A promotional video for the film, screened during Ballard's May 2025 testimony to the Brazilian Federal Senate, brands "Hidden War" as "Sound of Freedom II," invoking the 2023 film, and credits it as "Featuring Mel Gibson." According to box-office tracking, "worldwide gross was approximately US$4,561." Ballard stated on September 14, 2026, that Hidden War was scheduled for a worldwide theatrical release on November 14, 2026, and that he would be promoting the film in Latin America in the weeks following. In a separate video, Ballard stated on September 14, 2026, that he would be promoting Hidden War throughout Europe. In a September 4, 2026 YouTube video, Ballard said that "Sound of Freedom 2 is coming out" and that "Lionsgate is doing a docu-series". Naming LDS Church area president Kevin Pearson, "the state president", Matt Holland and Doug Anderson, he said "they are literally being casted right now in the film", and predicted that "two to 300 million will watch this one".

===Accolades===
For his performance in the film, Javier Godino won Best Actor in an International Production at the 32nd Actors and Actresses Union Awards.

==Legal disputes==
In December 2025, the Utah Supreme Court heard an appeal in a defamation lawsuit against Angel Studios and Tim Ballard filed by Kely Suarez, who says she was a college student caught up in a raid in Colombia which Ballard was involved in. Suarez alleges she was defamed by the film's "Katy Giselle" character, described in press coverage as a "kingpin sex trafficker."

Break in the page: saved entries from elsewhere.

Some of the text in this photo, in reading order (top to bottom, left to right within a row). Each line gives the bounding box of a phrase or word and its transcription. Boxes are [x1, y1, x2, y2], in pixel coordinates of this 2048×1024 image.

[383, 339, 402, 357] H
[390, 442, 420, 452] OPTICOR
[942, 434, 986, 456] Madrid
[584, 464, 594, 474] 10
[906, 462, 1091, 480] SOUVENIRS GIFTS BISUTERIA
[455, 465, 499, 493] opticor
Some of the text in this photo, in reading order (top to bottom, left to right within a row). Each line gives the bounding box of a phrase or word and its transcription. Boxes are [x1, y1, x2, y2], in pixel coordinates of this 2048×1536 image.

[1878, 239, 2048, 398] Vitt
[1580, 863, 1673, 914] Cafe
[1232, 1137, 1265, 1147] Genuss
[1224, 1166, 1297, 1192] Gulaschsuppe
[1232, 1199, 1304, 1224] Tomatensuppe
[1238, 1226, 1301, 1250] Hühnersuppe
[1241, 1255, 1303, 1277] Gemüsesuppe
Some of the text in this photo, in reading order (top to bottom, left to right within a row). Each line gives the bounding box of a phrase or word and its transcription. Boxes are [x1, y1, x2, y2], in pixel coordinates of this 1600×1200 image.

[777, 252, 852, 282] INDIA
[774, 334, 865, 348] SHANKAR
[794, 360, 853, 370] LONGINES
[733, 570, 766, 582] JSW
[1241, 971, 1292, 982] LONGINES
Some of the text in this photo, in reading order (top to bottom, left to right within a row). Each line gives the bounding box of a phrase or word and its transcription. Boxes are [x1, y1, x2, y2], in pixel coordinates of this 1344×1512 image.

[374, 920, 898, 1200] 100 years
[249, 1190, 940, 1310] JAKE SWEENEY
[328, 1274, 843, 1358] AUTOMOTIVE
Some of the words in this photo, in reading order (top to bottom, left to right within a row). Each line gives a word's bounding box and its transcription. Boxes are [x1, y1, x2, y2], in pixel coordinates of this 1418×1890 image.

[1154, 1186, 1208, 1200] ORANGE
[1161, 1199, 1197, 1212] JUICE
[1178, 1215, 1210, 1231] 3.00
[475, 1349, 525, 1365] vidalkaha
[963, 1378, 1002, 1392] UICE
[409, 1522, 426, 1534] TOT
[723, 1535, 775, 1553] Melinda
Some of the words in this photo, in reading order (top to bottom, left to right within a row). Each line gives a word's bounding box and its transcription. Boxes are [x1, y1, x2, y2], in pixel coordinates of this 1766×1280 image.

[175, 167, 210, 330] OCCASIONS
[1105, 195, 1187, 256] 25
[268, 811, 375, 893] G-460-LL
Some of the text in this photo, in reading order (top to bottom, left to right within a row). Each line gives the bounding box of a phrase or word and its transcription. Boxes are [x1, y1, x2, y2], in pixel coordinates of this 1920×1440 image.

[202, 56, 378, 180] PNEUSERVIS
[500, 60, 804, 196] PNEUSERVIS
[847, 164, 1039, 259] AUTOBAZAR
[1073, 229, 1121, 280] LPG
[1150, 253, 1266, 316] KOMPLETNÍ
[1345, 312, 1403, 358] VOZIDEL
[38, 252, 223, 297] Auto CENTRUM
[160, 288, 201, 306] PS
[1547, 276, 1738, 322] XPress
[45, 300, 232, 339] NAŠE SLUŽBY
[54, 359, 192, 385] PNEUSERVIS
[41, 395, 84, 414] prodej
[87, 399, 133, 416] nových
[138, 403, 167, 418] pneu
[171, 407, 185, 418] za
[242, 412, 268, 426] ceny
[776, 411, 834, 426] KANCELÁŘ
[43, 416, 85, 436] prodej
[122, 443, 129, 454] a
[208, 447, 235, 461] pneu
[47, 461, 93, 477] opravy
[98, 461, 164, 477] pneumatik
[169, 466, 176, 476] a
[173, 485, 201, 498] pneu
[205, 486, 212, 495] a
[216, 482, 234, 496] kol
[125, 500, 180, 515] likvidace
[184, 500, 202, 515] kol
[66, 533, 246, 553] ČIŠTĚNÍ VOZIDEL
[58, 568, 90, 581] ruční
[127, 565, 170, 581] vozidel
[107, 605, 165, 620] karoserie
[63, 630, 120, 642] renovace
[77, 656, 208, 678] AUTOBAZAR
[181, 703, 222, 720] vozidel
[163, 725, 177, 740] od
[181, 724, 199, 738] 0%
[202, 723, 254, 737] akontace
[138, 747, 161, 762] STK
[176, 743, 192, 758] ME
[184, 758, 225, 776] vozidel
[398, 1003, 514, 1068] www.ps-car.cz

A lower court denied the defendants' Amended Special Motion to Dismiss under Utah's anti-SLAPP statute, finding the complaint stated a prima facie case for defamation. Angel Studios and Ballard appealed, and the Utah Supreme Court heard oral arguments on December 11, 2025. At the hearing, Suarez's attorney Cherise Bacalski argued that the "kingpin sex trafficker" characterization defamed her client; Angel Studios' attorney Robert Gutierrez argued the film carries disclaimers and that Katy Giselle was "a composite character in order to make it a subject matter the viewing public could actually watch," maintaining the film is a docudrama "based on a true story"; and Ballard's personal attorney, Mark Eisenhut, arguing separately from Angel Studios, said Ballard "was not involved in the movie-making itself" and that there is "no evidence of Ballard producing, writing, or directing the film."

As of this writing, the Utah Supreme Court had not issued a ruling.